### Mission

We recently used Naive Bayes to classify spam in this [SMSSpamClassifier dataset](http://localhost:8888/edit/Notebooks/Supervised%20Learning/Ensemble%20Learning/data/SMSSpamCollection). \
In this notebook, we will expand on the previous analysis by using a few of the new techniques we've learned in Ensemble learning.

First we will recreate the Naive Bayes model and then use the Ensemble techniques on the same dataset and compare the 2 models.

#### 1. Recreate the Naive Bayes model on the Spam dataset

In [1]:
# Import the necessary libraries
import pandas as pd
from sklearn.model_selection import train_test_split
from sklearn.feature_extraction.text import CountVectorizer
from sklearn.naive_bayes import MultinomialNB
from sklearn.metrics import accuracy_score, precision_score, recall_score, f1_score


# Read in our dataset
df = pd.read_table('./data/SMSSpamCollection', sep = '\t', names = ['label', 'sms_message'])

# Fix our response value
df['label'] = df.label.map({'ham': 0, 'spam': 1})

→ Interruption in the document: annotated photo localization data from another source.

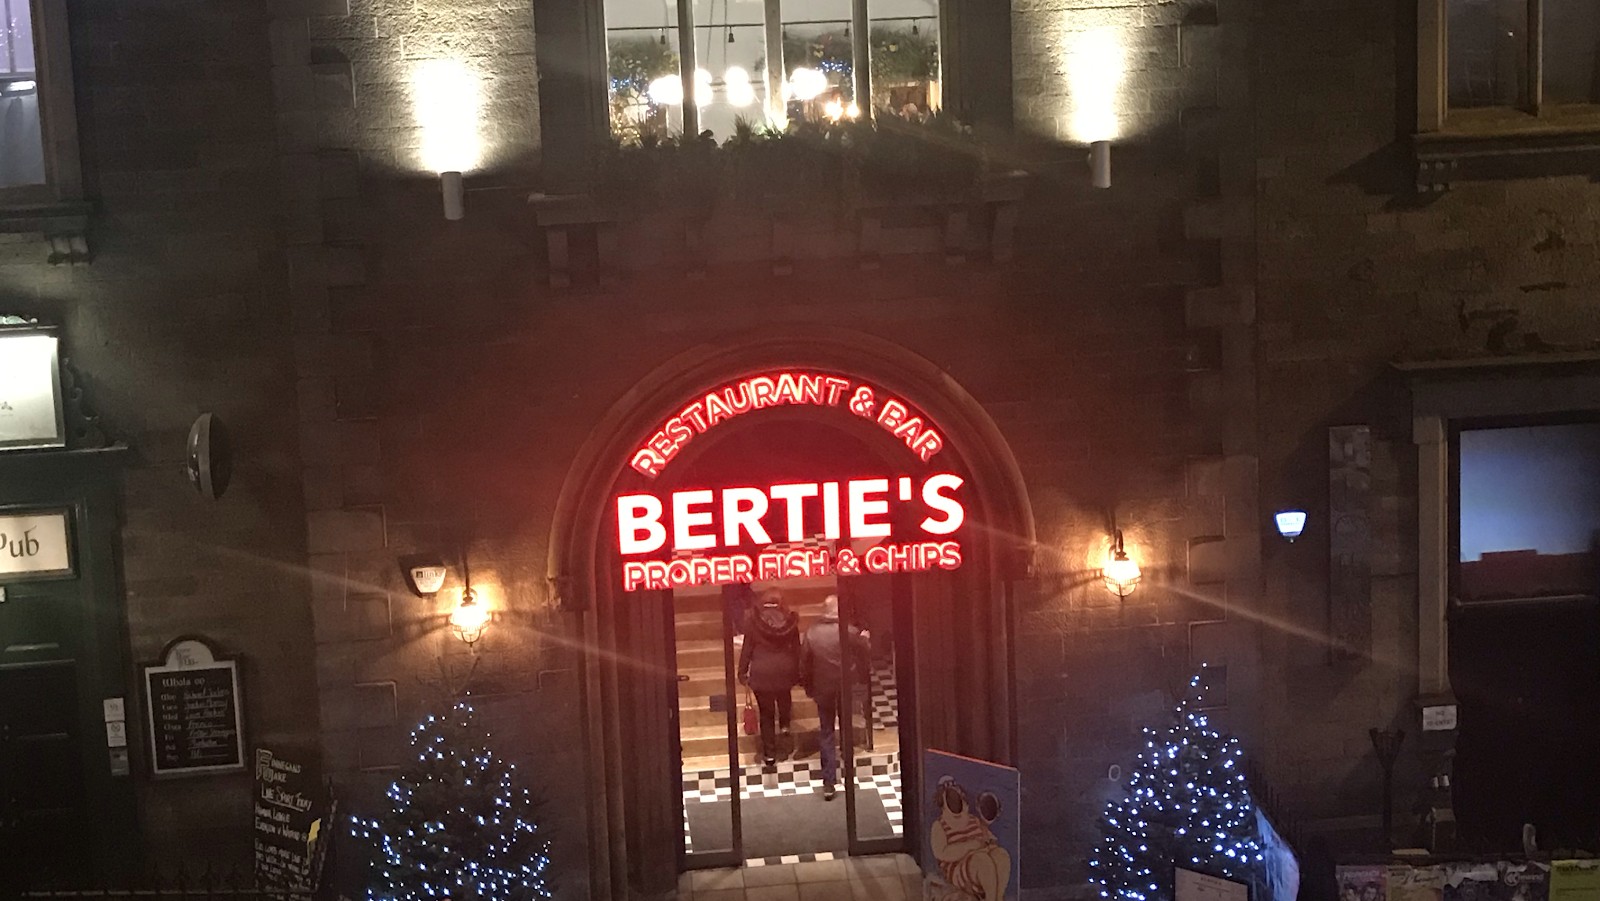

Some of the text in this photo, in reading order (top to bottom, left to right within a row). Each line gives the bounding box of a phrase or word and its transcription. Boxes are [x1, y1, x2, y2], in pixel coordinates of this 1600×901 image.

[629, 373, 943, 479] RESTAURANT & BAR
[617, 473, 966, 556] BERTIE'S
[623, 541, 962, 592] PROPER FISH & CHIPS
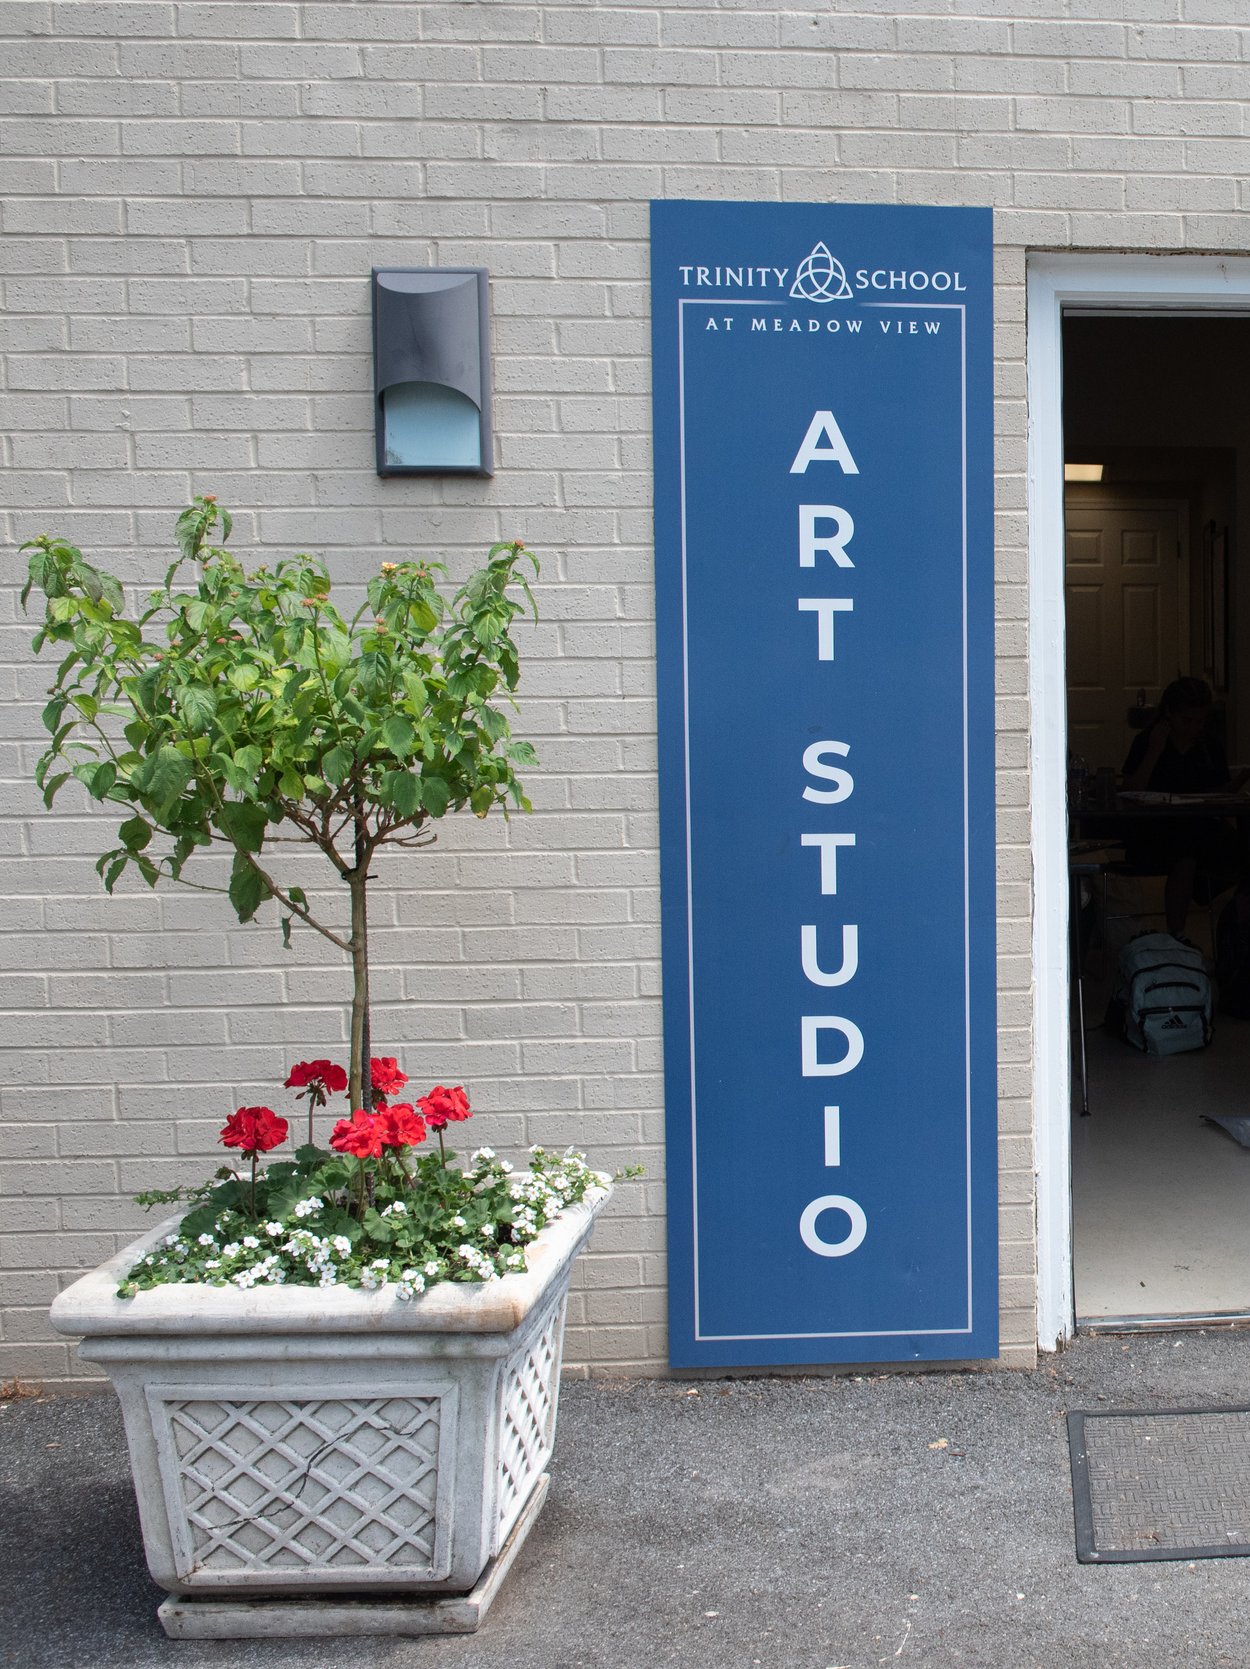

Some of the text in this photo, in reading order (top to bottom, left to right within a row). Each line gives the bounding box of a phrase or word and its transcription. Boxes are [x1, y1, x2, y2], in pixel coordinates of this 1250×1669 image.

[678, 265, 968, 292] TRINITY SCHOOL
[705, 317, 942, 335] AT MEADOW VIEW
[789, 410, 868, 1258] ART STUDIO

# Split our dataset into training and testing data
X_train, X_test, y_train, y_test = train_test_split(df.iloc[:, -1].values, 
                                                    df.iloc[:, :-1].values, 
                                                    random_state = 1)

# Instantiate the CountVectorizer method
count_vector = CountVectorizer()

# Fit the training data and then return the matrix
training_data = count_vector.fit_transform(X_train)

# Transform testing data and return the matrix. Note we are not fitting the testing data into the CountVectorizer()
testing_data = count_vector.transform(X_test)

# Instantiate our model
naive_bayes = MultinomialNB()

# Fit our model to the training data
naive_bayes.fit(training_data, y_train)

# Predict on the test data
predictions = naive_bayes.predict(testing_data)

# Score our model
print('Accuracy score: ', format(accuracy_score(y_test, predictions)))
print('Precision score: ', format(precision_score(y_test, predictions)))
print('Recall score: ', format(recall_score(y_test, predictions)))
print('F1 score: ', format(f1_score(y_test, predictions)))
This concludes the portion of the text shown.